> _Brief_
Could you return each entry below exactly as written, minus any pictures?

[Annotated photo localization data]

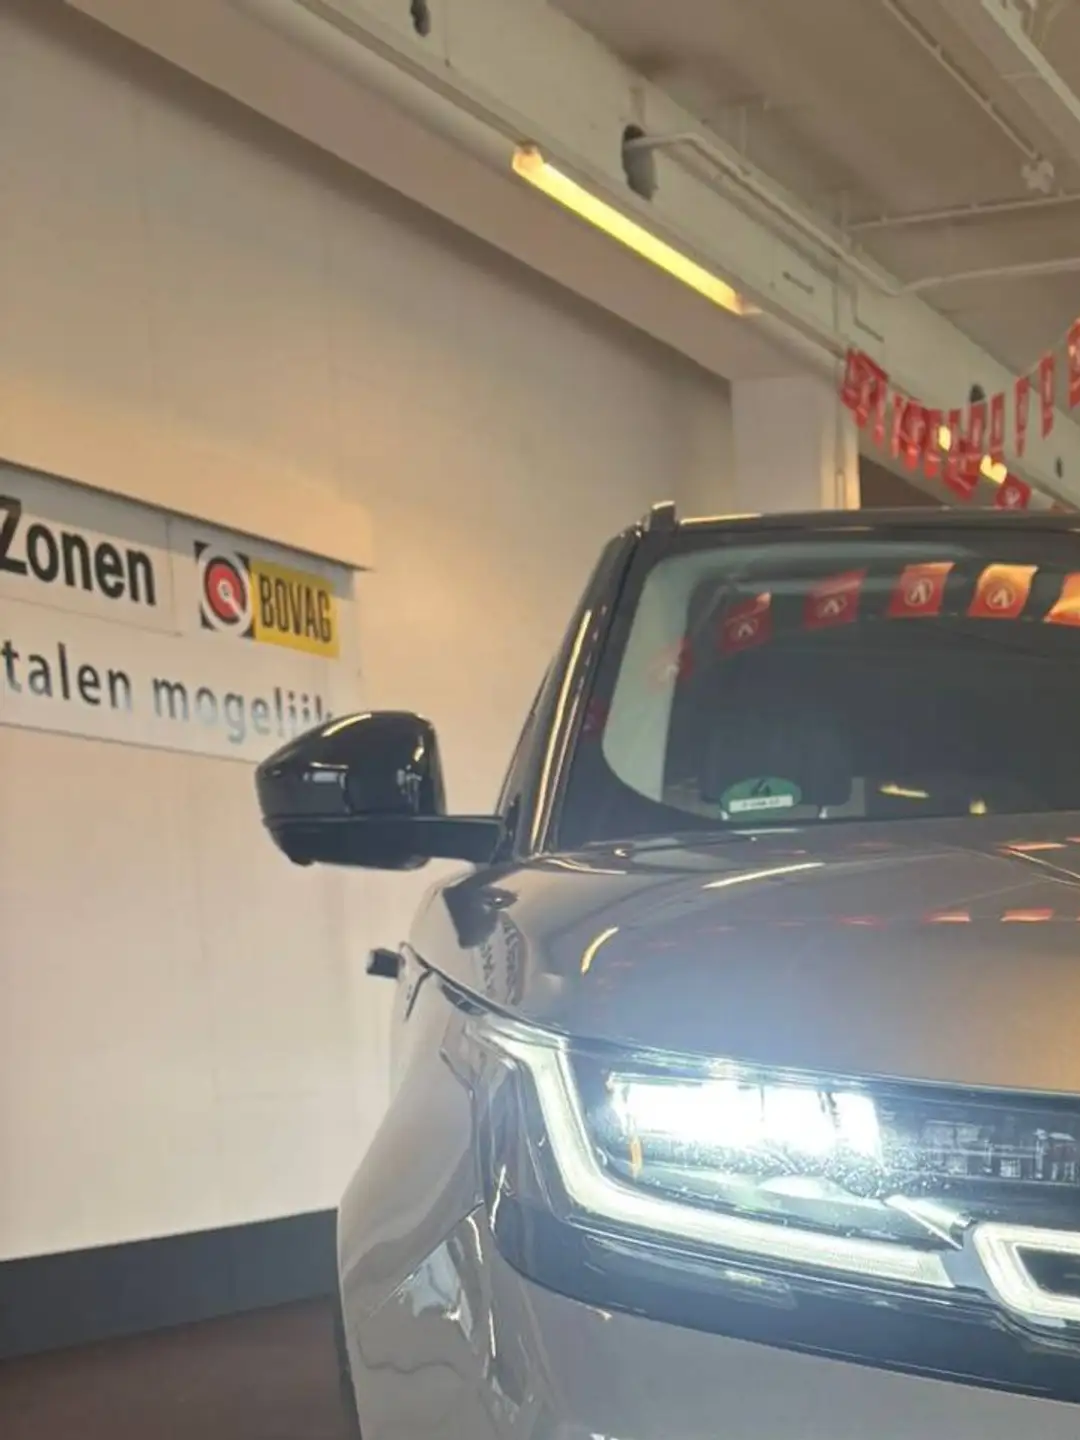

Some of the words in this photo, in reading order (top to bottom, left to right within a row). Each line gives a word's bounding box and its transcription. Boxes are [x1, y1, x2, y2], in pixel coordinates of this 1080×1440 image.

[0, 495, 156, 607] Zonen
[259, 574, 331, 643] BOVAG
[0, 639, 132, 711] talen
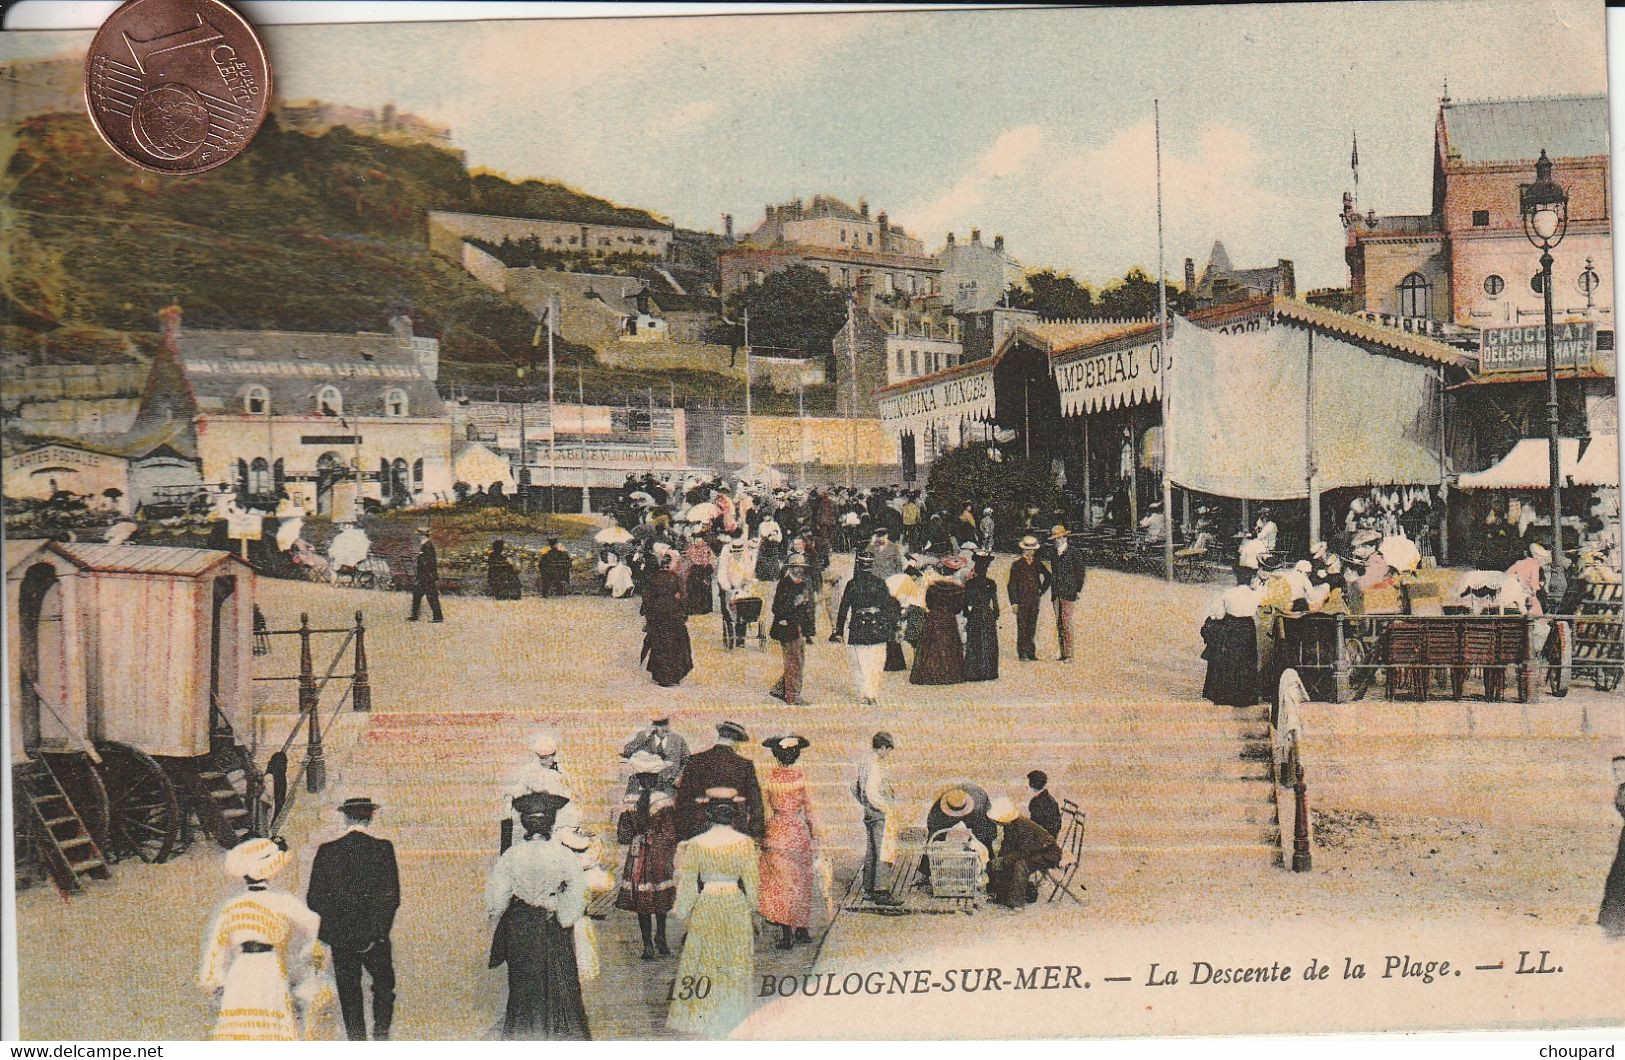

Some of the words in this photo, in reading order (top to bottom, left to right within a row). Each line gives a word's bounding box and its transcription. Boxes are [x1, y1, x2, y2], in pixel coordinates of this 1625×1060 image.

> _Exercise result_
Some of the words in this photo, in reading order (top to bottom, left to right within a row). Each line gives a word's bounding box and its transcription. Boxes are [x1, y1, x2, y2], in pixel coordinates of this 1080×1440 image.

[0, 495, 156, 607] Zonen
[259, 574, 331, 643] BOVAG
[0, 639, 132, 711] talen

Some of the words in this photo, in reading order (top to bottom, left to right within a row). Each line gives a word's bounding box and its transcription. Boxes are [x1, y1, x2, y2], in pixel coordinates of this 1625×1060 image.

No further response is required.